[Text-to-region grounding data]
*****

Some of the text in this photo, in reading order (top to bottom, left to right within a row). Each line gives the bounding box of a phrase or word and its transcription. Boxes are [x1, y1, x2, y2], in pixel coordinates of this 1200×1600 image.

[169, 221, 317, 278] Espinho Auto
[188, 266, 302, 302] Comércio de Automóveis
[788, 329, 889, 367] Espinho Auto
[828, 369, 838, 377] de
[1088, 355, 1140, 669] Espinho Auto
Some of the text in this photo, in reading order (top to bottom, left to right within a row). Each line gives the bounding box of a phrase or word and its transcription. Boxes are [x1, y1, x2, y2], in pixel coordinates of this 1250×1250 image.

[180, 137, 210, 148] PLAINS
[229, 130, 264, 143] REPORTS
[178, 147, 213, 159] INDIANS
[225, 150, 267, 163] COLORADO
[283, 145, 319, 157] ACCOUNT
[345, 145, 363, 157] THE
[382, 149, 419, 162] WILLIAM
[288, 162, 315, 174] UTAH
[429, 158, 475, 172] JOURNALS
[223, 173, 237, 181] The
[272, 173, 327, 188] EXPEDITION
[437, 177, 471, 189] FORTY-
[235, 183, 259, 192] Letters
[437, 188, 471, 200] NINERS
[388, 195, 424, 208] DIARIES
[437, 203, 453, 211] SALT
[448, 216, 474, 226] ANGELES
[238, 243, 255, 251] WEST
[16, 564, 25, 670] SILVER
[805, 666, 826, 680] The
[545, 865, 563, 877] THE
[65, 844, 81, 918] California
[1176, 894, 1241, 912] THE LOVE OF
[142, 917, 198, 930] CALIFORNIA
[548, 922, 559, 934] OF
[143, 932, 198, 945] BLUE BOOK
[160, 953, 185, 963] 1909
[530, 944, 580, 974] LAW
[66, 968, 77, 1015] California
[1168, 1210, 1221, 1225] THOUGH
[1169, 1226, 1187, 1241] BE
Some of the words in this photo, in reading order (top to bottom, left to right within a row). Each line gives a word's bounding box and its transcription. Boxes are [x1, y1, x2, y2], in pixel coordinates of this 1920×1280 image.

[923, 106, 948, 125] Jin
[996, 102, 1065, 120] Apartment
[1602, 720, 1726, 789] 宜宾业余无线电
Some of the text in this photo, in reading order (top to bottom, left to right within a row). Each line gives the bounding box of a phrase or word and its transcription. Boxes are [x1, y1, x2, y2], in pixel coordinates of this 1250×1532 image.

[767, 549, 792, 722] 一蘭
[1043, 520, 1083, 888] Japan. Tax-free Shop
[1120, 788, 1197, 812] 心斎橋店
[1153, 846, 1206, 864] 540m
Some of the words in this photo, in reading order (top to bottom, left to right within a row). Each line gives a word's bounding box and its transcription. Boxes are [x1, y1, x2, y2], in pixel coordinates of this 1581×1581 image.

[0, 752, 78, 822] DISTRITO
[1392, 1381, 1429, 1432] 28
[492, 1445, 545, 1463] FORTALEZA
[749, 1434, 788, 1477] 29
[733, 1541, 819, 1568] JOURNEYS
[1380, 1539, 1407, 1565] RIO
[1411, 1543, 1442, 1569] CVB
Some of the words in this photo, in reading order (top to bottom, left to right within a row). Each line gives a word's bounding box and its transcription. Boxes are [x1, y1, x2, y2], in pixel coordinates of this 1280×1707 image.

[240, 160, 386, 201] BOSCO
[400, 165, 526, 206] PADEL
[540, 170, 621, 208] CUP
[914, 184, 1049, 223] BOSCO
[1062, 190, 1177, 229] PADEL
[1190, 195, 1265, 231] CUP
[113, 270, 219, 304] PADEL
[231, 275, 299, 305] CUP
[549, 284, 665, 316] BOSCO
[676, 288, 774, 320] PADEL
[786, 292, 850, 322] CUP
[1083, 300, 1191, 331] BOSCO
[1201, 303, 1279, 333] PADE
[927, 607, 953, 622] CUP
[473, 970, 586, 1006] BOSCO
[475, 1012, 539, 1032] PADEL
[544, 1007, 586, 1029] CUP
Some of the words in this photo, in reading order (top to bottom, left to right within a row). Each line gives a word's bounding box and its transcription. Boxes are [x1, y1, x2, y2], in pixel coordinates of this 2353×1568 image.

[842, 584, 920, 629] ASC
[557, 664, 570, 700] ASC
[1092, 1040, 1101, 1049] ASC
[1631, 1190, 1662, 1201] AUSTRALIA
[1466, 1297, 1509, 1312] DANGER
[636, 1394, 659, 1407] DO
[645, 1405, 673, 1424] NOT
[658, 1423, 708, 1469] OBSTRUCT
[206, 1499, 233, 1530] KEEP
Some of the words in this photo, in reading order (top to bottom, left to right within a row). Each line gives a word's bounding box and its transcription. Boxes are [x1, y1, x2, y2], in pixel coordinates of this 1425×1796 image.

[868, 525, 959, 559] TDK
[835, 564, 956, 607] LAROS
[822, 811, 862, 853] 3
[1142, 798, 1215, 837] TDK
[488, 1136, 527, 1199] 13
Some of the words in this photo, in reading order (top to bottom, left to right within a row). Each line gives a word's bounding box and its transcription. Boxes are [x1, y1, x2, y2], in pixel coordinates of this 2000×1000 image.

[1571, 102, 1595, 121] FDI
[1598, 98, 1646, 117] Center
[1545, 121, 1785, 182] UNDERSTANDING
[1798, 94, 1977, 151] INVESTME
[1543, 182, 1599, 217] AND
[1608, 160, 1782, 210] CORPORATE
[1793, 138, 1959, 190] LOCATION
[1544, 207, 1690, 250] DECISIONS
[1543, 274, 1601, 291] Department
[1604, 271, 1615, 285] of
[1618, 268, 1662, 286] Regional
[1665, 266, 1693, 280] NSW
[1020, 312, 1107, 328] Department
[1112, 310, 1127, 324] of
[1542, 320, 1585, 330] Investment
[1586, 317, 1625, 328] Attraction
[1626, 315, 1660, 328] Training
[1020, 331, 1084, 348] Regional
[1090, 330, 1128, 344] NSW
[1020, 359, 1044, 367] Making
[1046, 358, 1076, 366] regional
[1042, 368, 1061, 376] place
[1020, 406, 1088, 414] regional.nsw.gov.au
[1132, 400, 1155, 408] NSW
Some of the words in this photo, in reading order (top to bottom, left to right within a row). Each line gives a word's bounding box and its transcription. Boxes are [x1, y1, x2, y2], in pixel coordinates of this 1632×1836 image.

*****

> [EXERCISE PROMPT] Once you have read the records above, write them all out exactly.

> [EXERCISE RESULT]
Some of the text in this photo, in reading order (top to bottom, left to right within a row). Each line gives the bounding box of a phrase or word and its transcription. Boxes are [x1, y1, x2, y2], in pixel coordinates of this 1200×1600 image.

[169, 221, 317, 278] Espinho Auto
[188, 266, 302, 302] Comércio de Automóveis
[788, 329, 889, 367] Espinho Auto
[828, 369, 838, 377] de
[1088, 355, 1140, 669] Espinho Auto
Some of the text in this photo, in reading order (top to bottom, left to right within a row). Each line gives the bounding box of a phrase or word and its transcription. Boxes are [x1, y1, x2, y2], in pixel coordinates of this 1250×1250 image.

[180, 137, 210, 148] PLAINS
[229, 130, 264, 143] REPORTS
[178, 147, 213, 159] INDIANS
[225, 150, 267, 163] COLORADO
[283, 145, 319, 157] ACCOUNT
[345, 145, 363, 157] THE
[382, 149, 419, 162] WILLIAM
[288, 162, 315, 174] UTAH
[429, 158, 475, 172] JOURNALS
[223, 173, 237, 181] The
[272, 173, 327, 188] EXPEDITION
[437, 177, 471, 189] FORTY-
[235, 183, 259, 192] Letters
[437, 188, 471, 200] NINERS
[388, 195, 424, 208] DIARIES
[437, 203, 453, 211] SALT
[448, 216, 474, 226] ANGELES
[238, 243, 255, 251] WEST
[16, 564, 25, 670] SILVER
[805, 666, 826, 680] The
[545, 865, 563, 877] THE
[65, 844, 81, 918] California
[1176, 894, 1241, 912] THE LOVE OF
[142, 917, 198, 930] CALIFORNIA
[548, 922, 559, 934] OF
[143, 932, 198, 945] BLUE BOOK
[160, 953, 185, 963] 1909
[530, 944, 580, 974] LAW
[66, 968, 77, 1015] California
[1168, 1210, 1221, 1225] THOUGH
[1169, 1226, 1187, 1241] BE
Some of the words in this photo, in reading order (top to bottom, left to right within a row). Each line gives a word's bounding box and its transcription. Boxes are [x1, y1, x2, y2], in pixel coordinates of this 1920×1280 image.

[923, 106, 948, 125] Jin
[996, 102, 1065, 120] Apartment
[1602, 720, 1726, 789] 宜宾业余无线电
Some of the text in this photo, in reading order (top to bottom, left to right within a row). Each line gives the bounding box of a phrase or word and its transcription. Boxes are [x1, y1, x2, y2], in pixel coordinates of this 1250×1532 image.

[767, 549, 792, 722] 一蘭
[1043, 520, 1083, 888] Japan. Tax-free Shop
[1120, 788, 1197, 812] 心斎橋店
[1153, 846, 1206, 864] 540m
Some of the words in this photo, in reading order (top to bottom, left to right within a row). Each line gives a word's bounding box and its transcription. Boxes are [x1, y1, x2, y2], in pixel coordinates of this 1581×1581 image.

[0, 752, 78, 822] DISTRITO
[1392, 1381, 1429, 1432] 28
[492, 1445, 545, 1463] FORTALEZA
[749, 1434, 788, 1477] 29
[733, 1541, 819, 1568] JOURNEYS
[1380, 1539, 1407, 1565] RIO
[1411, 1543, 1442, 1569] CVB
Some of the words in this photo, in reading order (top to bottom, left to right within a row). Each line gives a word's bounding box and its transcription. Boxes are [x1, y1, x2, y2], in pixel coordinates of this 1280×1707 image.

[240, 160, 386, 201] BOSCO
[400, 165, 526, 206] PADEL
[540, 170, 621, 208] CUP
[914, 184, 1049, 223] BOSCO
[1062, 190, 1177, 229] PADEL
[1190, 195, 1265, 231] CUP
[113, 270, 219, 304] PADEL
[231, 275, 299, 305] CUP
[549, 284, 665, 316] BOSCO
[676, 288, 774, 320] PADEL
[786, 292, 850, 322] CUP
[1083, 300, 1191, 331] BOSCO
[1201, 303, 1279, 333] PADE
[927, 607, 953, 622] CUP
[473, 970, 586, 1006] BOSCO
[475, 1012, 539, 1032] PADEL
[544, 1007, 586, 1029] CUP
Some of the words in this photo, in reading order (top to bottom, left to right within a row). Each line gives a word's bounding box and its transcription. Boxes are [x1, y1, x2, y2], in pixel coordinates of this 2353×1568 image.

[842, 584, 920, 629] ASC
[557, 664, 570, 700] ASC
[1092, 1040, 1101, 1049] ASC
[1631, 1190, 1662, 1201] AUSTRALIA
[1466, 1297, 1509, 1312] DANGER
[636, 1394, 659, 1407] DO
[645, 1405, 673, 1424] NOT
[658, 1423, 708, 1469] OBSTRUCT
[206, 1499, 233, 1530] KEEP
Some of the words in this photo, in reading order (top to bottom, left to right within a row). Each line gives a word's bounding box and its transcription. Boxes are [x1, y1, x2, y2], in pixel coordinates of this 1425×1796 image.

[868, 525, 959, 559] TDK
[835, 564, 956, 607] LAROS
[822, 811, 862, 853] 3
[1142, 798, 1215, 837] TDK
[488, 1136, 527, 1199] 13
Some of the words in this photo, in reading order (top to bottom, left to right within a row). Each line gives a word's bounding box and its transcription. Boxes are [x1, y1, x2, y2], in pixel coordinates of this 2000×1000 image.

[1571, 102, 1595, 121] FDI
[1598, 98, 1646, 117] Center
[1545, 121, 1785, 182] UNDERSTANDING
[1798, 94, 1977, 151] INVESTME
[1543, 182, 1599, 217] AND
[1608, 160, 1782, 210] CORPORATE
[1793, 138, 1959, 190] LOCATION
[1544, 207, 1690, 250] DECISIONS
[1543, 274, 1601, 291] Department
[1604, 271, 1615, 285] of
[1618, 268, 1662, 286] Regional
[1665, 266, 1693, 280] NSW
[1020, 312, 1107, 328] Department
[1112, 310, 1127, 324] of
[1542, 320, 1585, 330] Investment
[1586, 317, 1625, 328] Attraction
[1626, 315, 1660, 328] Training
[1020, 331, 1084, 348] Regional
[1090, 330, 1128, 344] NSW
[1020, 359, 1044, 367] Making
[1046, 358, 1076, 366] regional
[1042, 368, 1061, 376] place
[1020, 406, 1088, 414] regional.nsw.gov.au
[1132, 400, 1155, 408] NSW
Some of the words in this photo, in reading order (top to bottom, left to right within a row). Each line gives a word's bounding box and its transcription. Boxes are [x1, y1, x2, y2], in pixel coordinates of this 1632×1836 image.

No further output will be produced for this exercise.